[Collected data]

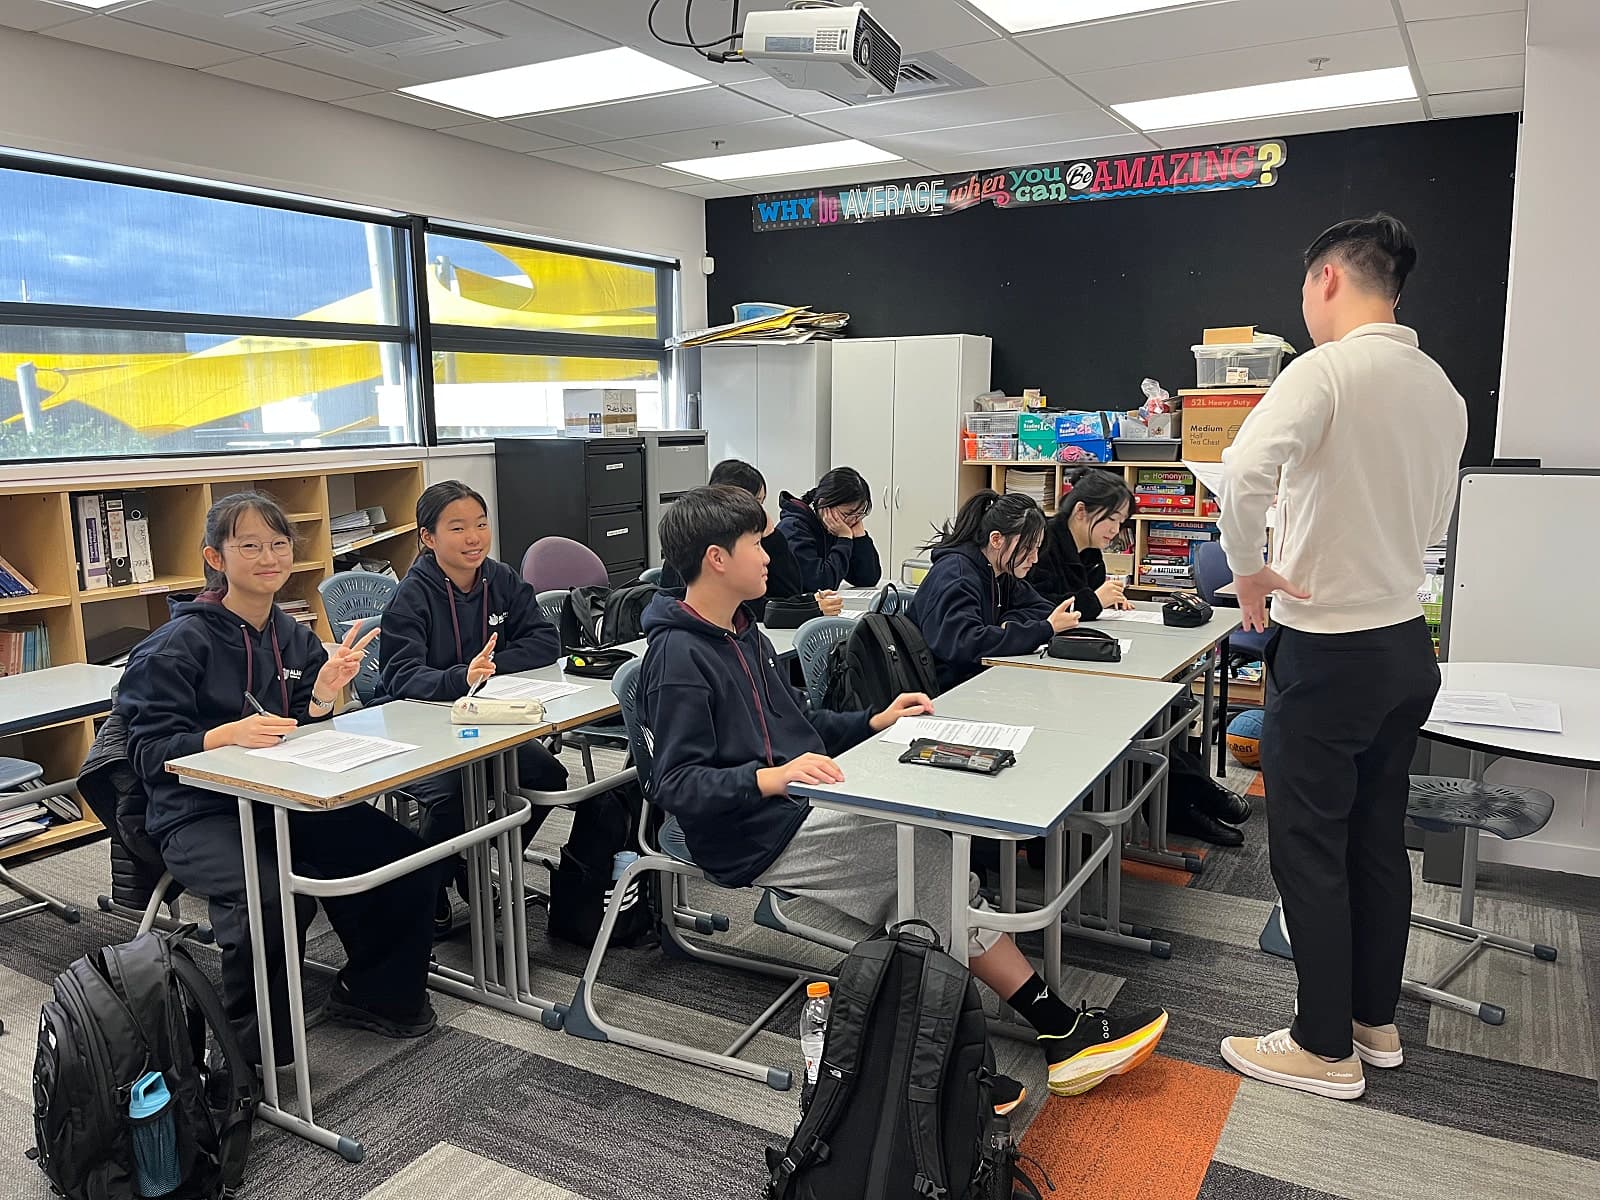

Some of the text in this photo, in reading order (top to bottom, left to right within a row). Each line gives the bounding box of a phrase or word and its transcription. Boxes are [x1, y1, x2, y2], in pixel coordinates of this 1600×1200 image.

[1009, 166, 1062, 191] you
[1067, 164, 1093, 186] Be
[844, 179, 945, 220] AVERAGE
[950, 174, 1006, 204] when
[1015, 182, 1067, 201] can
[757, 197, 816, 223] WHY
[818, 190, 839, 224] be
[1191, 398, 1251, 407] 52L Heavy Duty
[1230, 743, 1253, 753] olten

Prompt: Drop the images and quote the entries word for word.

Response area:
Some of the text in this photo, in reading order (top to bottom, left to right within a row). Each line gives the bounding box of a phrase or word and its transcription. Boxes are [x1, y1, x2, y2], in pixel coordinates of this 1600×1200 image.

[1009, 166, 1062, 191] you
[1067, 164, 1093, 186] Be
[844, 179, 945, 220] AVERAGE
[950, 174, 1006, 204] when
[1015, 182, 1067, 201] can
[757, 197, 816, 223] WHY
[818, 190, 839, 224] be
[1191, 398, 1251, 407] 52L Heavy Duty
[1230, 743, 1253, 753] olten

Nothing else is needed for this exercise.